First in the field before the reddening sun,        5
Last in the shadows when the day is done,
Line after line, along the bursting sod,
Marks the broad acres where his feet have trod.
Still where he treads the stubborn clods divide,
The smooth, fresh furrow opens deep and wide;        10
Matted and dense the tangled turf upheaves,
Mellow and dark the ridgy cornfield cleaves;
Up the steep hillside, where the laboring train
Slants the long track that scores the level plain,
Through the moist valley, clogged with oozing clay,        15
The patient convoy breaks its destined way;
At every turn the loosening chains resound,
The swinging ploughshare circles glistening round,
Till the wide field one billowy waste appears,
And wearied hands unbind the panting steers.        20
 
These are the hands whose sturdy labor brings
The peasant’s food, the golden pomp of kings;
This is the page whose letters shall be seen,
Changed by the sun to words of living green;
This is the scholar whose immortal pen        25
Spells the first lesson hunger taught to men;
These are the lines that heaven-commanded Toil
Shows on his deed,—the charter of the soil!
 
O gracious Mother, whose benignant breast
Wakes us to life, and lulls us all to rest,        30
How thy sweet features, kind to every clime,
Mock with their smile the wrinkled front of Time!

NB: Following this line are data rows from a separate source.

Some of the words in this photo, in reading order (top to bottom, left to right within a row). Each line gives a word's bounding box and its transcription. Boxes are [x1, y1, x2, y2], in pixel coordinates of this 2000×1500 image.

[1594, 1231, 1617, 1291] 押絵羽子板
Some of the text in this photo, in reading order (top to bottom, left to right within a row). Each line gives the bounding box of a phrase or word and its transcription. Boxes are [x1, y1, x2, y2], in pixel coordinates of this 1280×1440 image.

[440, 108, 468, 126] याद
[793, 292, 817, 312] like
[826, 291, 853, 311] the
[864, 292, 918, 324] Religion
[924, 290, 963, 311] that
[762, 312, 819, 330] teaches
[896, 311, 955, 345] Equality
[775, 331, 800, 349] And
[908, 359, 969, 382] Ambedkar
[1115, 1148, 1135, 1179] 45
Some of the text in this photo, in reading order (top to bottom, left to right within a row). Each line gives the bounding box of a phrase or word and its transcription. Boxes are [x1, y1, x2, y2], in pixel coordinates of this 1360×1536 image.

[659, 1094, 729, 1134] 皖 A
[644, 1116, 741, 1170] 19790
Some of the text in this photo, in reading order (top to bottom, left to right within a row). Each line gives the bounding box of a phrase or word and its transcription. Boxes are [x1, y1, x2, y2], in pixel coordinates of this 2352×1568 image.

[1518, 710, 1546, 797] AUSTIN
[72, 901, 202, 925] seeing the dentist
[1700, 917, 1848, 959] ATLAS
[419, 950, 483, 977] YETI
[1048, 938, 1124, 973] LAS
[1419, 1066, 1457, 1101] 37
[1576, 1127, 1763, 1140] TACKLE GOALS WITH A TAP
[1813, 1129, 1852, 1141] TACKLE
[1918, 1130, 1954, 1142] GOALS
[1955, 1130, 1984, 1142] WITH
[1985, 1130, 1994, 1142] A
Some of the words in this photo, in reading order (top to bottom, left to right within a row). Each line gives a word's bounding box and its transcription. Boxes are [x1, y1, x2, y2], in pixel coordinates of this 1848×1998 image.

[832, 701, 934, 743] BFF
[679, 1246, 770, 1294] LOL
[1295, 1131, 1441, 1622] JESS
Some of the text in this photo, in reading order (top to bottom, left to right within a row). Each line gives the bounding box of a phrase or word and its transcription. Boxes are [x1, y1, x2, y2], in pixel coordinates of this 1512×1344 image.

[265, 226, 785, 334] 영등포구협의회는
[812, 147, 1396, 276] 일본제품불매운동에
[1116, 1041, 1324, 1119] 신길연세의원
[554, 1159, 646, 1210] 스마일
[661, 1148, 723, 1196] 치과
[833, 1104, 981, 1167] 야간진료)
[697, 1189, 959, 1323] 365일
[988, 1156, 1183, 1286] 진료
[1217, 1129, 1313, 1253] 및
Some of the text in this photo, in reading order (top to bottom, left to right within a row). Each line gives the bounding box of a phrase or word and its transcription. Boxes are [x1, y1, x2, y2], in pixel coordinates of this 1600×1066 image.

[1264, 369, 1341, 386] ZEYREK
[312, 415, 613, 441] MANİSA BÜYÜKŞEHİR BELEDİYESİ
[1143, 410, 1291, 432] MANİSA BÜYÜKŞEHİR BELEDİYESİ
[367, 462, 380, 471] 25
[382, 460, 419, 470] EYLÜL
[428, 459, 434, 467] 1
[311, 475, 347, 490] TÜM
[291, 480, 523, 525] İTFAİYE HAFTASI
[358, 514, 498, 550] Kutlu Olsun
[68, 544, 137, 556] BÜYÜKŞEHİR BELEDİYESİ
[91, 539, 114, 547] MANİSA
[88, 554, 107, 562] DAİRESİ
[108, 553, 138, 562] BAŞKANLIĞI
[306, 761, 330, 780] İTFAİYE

We stain thy flowers,—they blossom o’er the dead;
We rend thy bosom, and it gives us bread;
O’er the red field that trampling strife has torn,        35
Waves the green plumage of thy tasselled corn;
Our maddening conflicts scar thy fairest plain,
Still thy soft answer is the growing grain.
Yet, O our Mother, while uncounted charms
Steal round our hearts in thine embracing arms,        40
Let not our virtues in thy love decay,
And thy fond sweetness waste our strength away.
 
No, by these hills whose banners now displayed
In blazing cohorts Autumn has arrayed;
By yon twin summits, on whose splintery crests        45
The tossing hemlocks hold the eagles’ nests;
By these fair plains the mountain circle screens,
And feeds with streamlets from its dark ravines,—
True to their home, these faithful arms shall toil
To crown with peace their own untainted soil;        50
And, true to God, to freedom, to mankind,
If her chained ban-dogs Faction shall unbind,
These stately forms, that, bending even now,
Bowed their strong manhood to the humble plough,
Shall rise erect, the guardians of the land,        55
The same stern iron in the same right hand,
Till o’er their hills the shouts of triumph run,—
The sword has rescued what the ploughshare won!